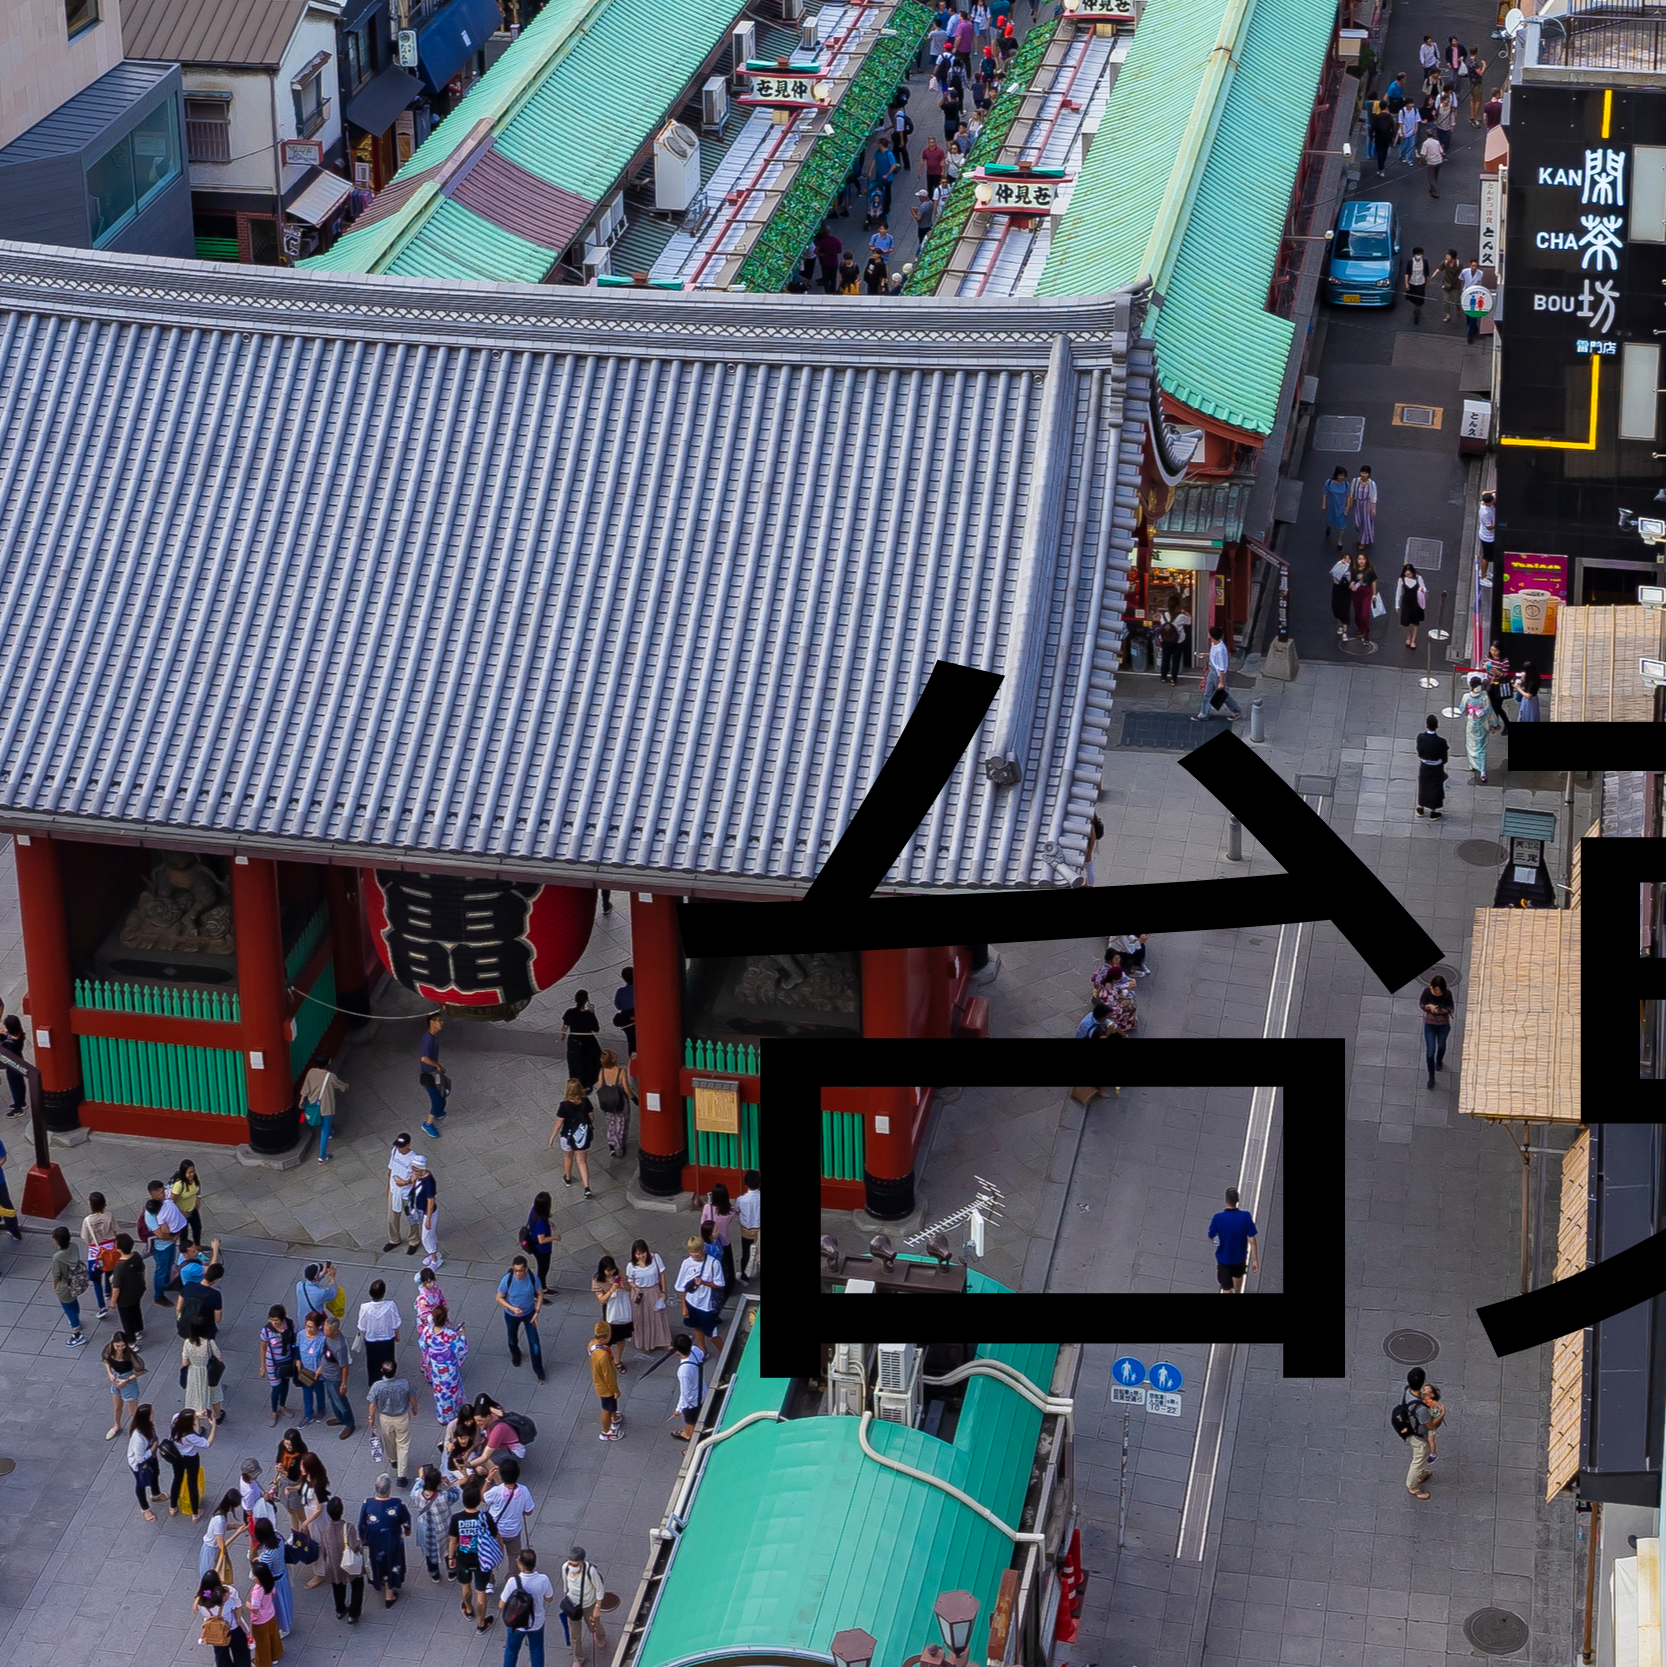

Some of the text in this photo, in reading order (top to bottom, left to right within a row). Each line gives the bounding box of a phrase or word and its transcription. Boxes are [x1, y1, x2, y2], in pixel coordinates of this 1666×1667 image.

[1538, 167, 1583, 188] KAN
[1481, 226, 1495, 265] とん久
[1535, 231, 1579, 251] CHA
[1533, 294, 1575, 313] BOU
[1576, 339, 1617, 356] 雷門店

Your assignment: Without the pictures, reproduce the entries exactly.

Answer space:
Some of the text in this photo, in reading order (top to bottom, left to right within a row). Each line gives the bounding box of a phrase or word and its transcription. Boxes are [x1, y1, x2, y2], in pixel coordinates of this 1666×1667 image.

[1538, 167, 1583, 188] KAN
[1481, 226, 1495, 265] とん久
[1535, 231, 1579, 251] CHA
[1533, 294, 1575, 313] BOU
[1576, 339, 1617, 356] 雷門店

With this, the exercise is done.